▶ [EXERCISE REQUIREMENTS]
Can you transcribe the data exactly? Leave the pictures out.

Data records
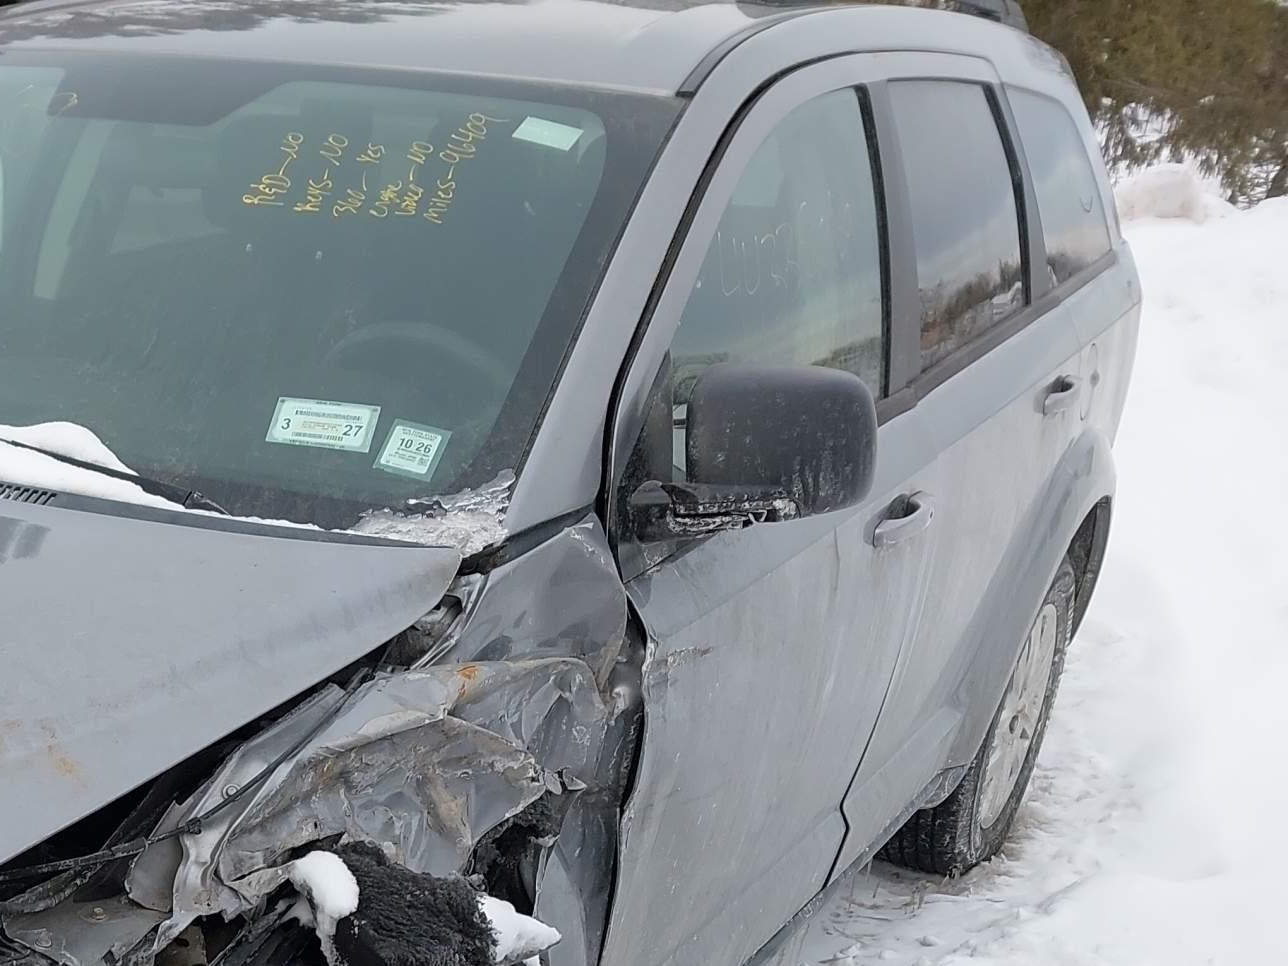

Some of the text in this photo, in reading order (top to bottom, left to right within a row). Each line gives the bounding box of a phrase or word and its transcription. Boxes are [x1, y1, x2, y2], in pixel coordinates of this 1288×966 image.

[281, 418, 292, 430] 3
[342, 424, 364, 437] 27
[399, 438, 432, 454] 10 26
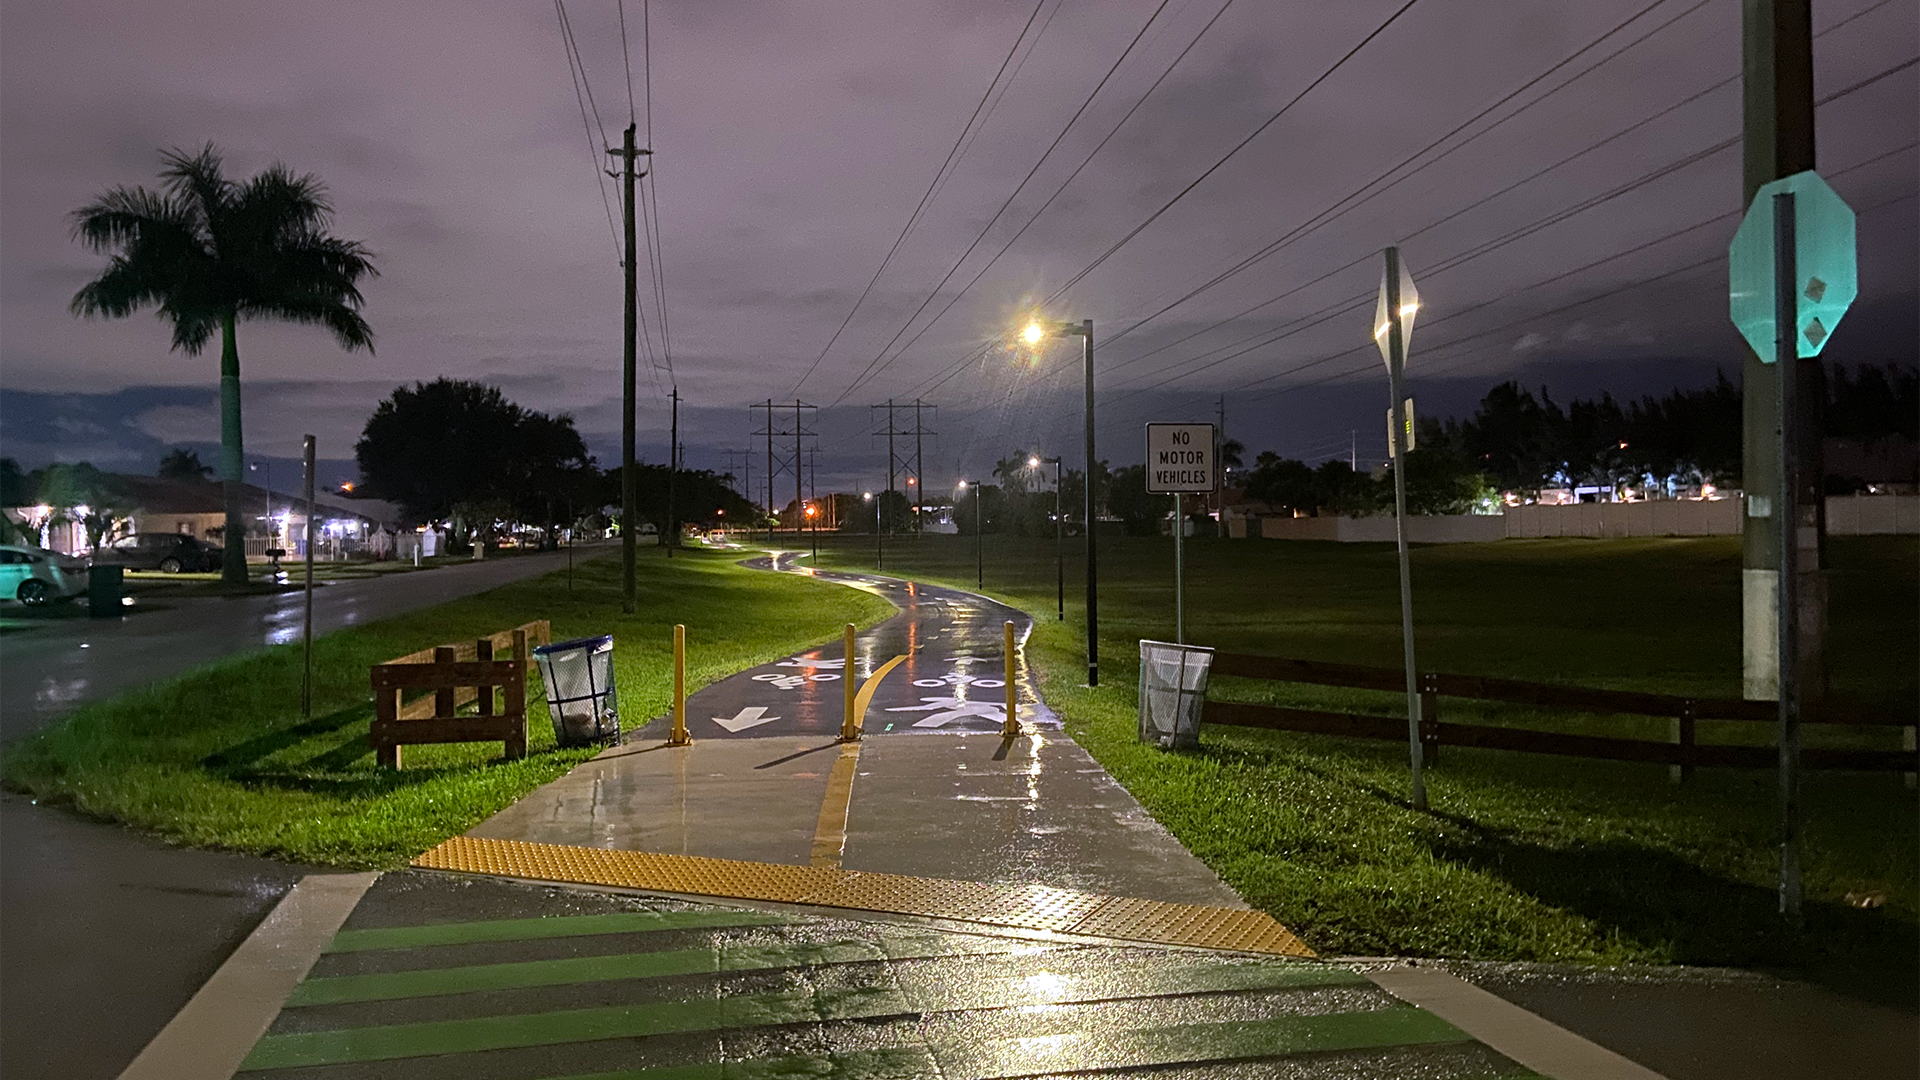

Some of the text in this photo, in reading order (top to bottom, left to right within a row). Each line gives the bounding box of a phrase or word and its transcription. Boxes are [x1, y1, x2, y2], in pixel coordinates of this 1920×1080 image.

[1172, 432, 1190, 445] NO
[1159, 451, 1204, 464] MOTOR
[1156, 470, 1206, 484] VEHICLES

▶ [EXERCISE RESPONSE]
Some of the text in this photo, in reading order (top to bottom, left to right within a row). Each line gives the bounding box of a phrase or word and its transcription. Boxes are [x1, y1, x2, y2], in pixel coordinates of this 1288×966 image.

[281, 418, 292, 430] 3
[342, 424, 364, 437] 27
[399, 438, 432, 454] 10 26

Some of the text in this photo, in reading order (top to bottom, left to right within a row). Each line gives the bounding box of a phrase or word and its transcription. Boxes are [x1, y1, x2, y2], in pixel coordinates of this 1920×1080 image.

[1172, 432, 1190, 445] NO
[1159, 451, 1204, 464] MOTOR
[1156, 470, 1206, 484] VEHICLES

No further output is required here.